The Hon. Peregrine David Euan Malcolm Hay, later Moncreiffe of that Ilk, Baron of Easter Moncreiffe and Chief of Clan Moncreiffe (born 16 February 1951), is the second son of Sir Iain Moncreiffe of that Ilk, 11th Baronet Moncreiffe and Diana Denyse Hay, 23rd Countess of Errol. He is also the younger brother of Sir Merlin Sereld Victor Gilbert Hay, 12th Baronet Moncreiffe, 24th Earl of Erroll and Chief of Clan Hay.

Biography
He was educated at Eton and Christ Church, Oxford. While at Christ Church he rowed for Oxford at number 7 in the 1972 Boat Race; this was a bleak period for Oxford and his crew lost by nine and a half lengths. He became an investment banker and later became a Freeman of the City of London and a Liveryman of the Worshipful Company of Fishmongers.

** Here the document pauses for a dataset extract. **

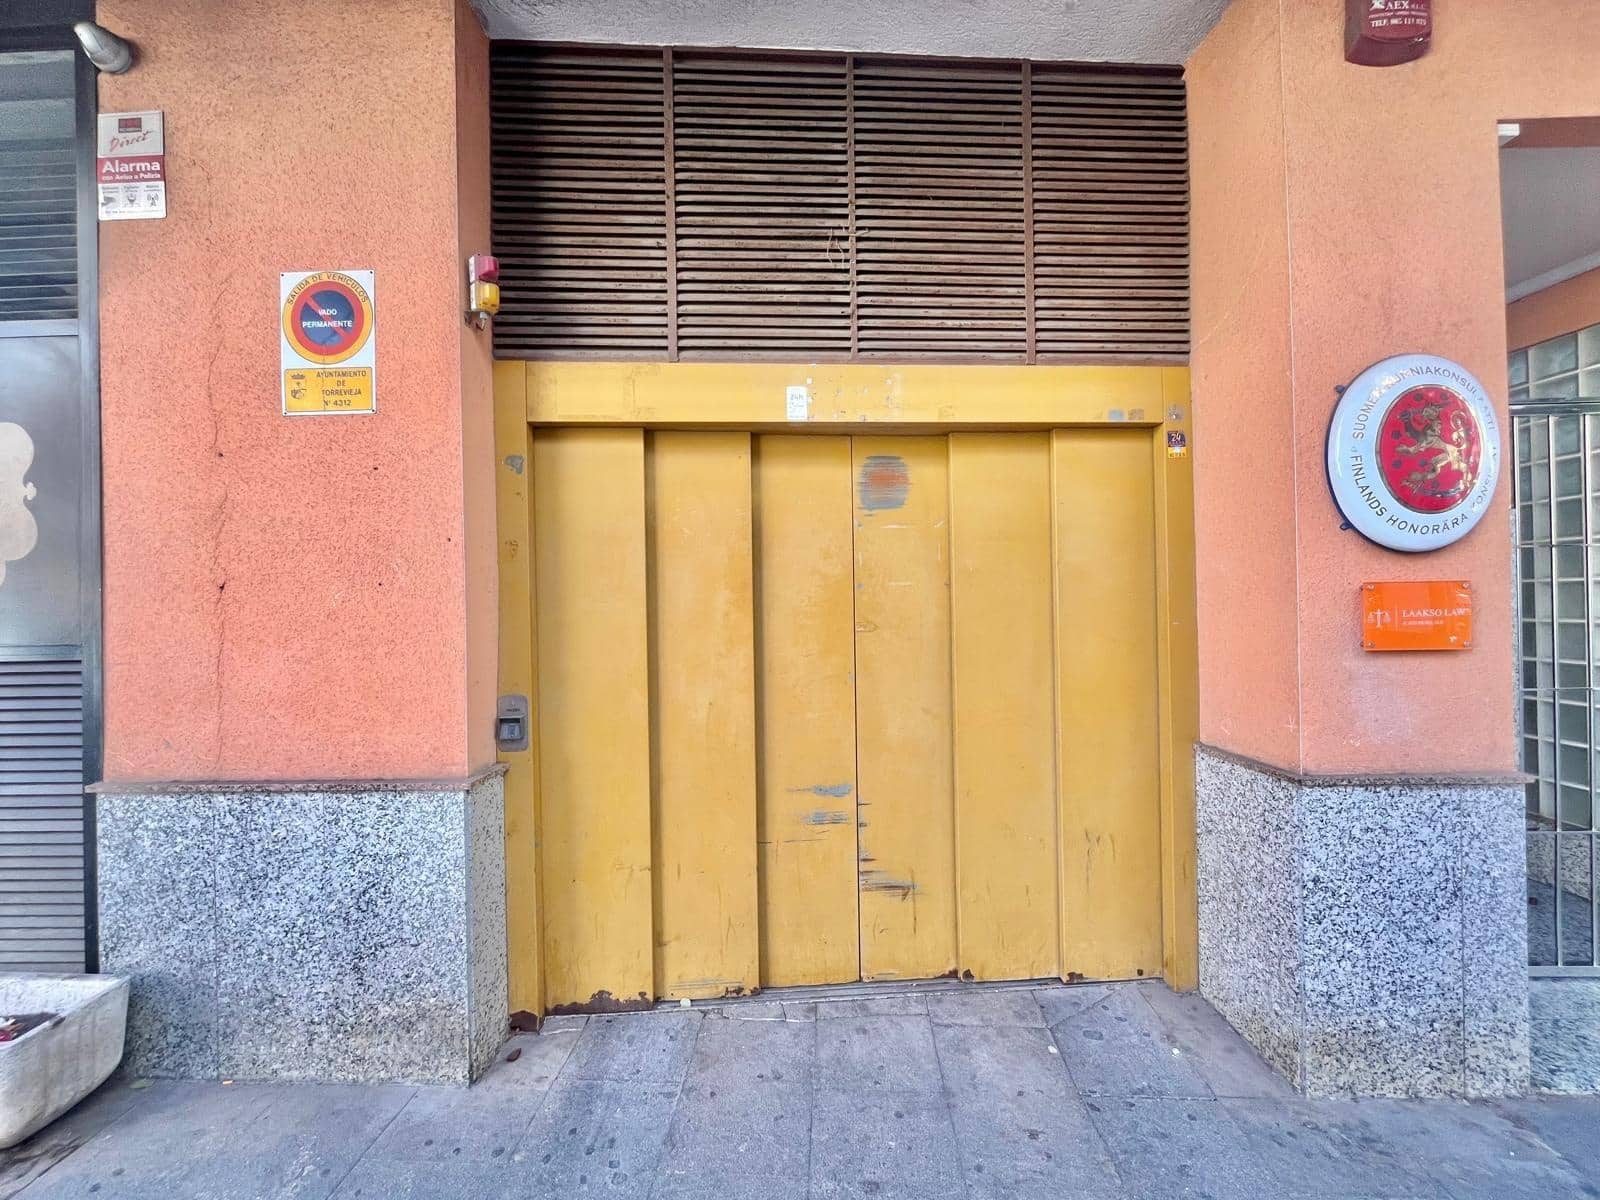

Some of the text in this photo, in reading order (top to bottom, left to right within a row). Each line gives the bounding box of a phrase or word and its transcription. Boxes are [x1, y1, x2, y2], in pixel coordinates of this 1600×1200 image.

He is a Member of the Royal Company of Archers. He also served as Slains Pursuivant from 1970 until his mother's death in 1978. He became Chief of Clan Moncreiffe and the feudal Baron of Easter Moncreiffe, Perthshire (the Clan's seat) in 1998 upon the death of his cousin, Miss Elizabeth Moncreiffe of that Ilk, the previous Chief (1985–1998). He was recognized as "Moncreiffe of that Ilk" by the Lord Lyon King of Arms and granted arms by the Court of the Lord Lyon on 11 January 2001; in Scotland, only his eldest brother would have arms by inheritance.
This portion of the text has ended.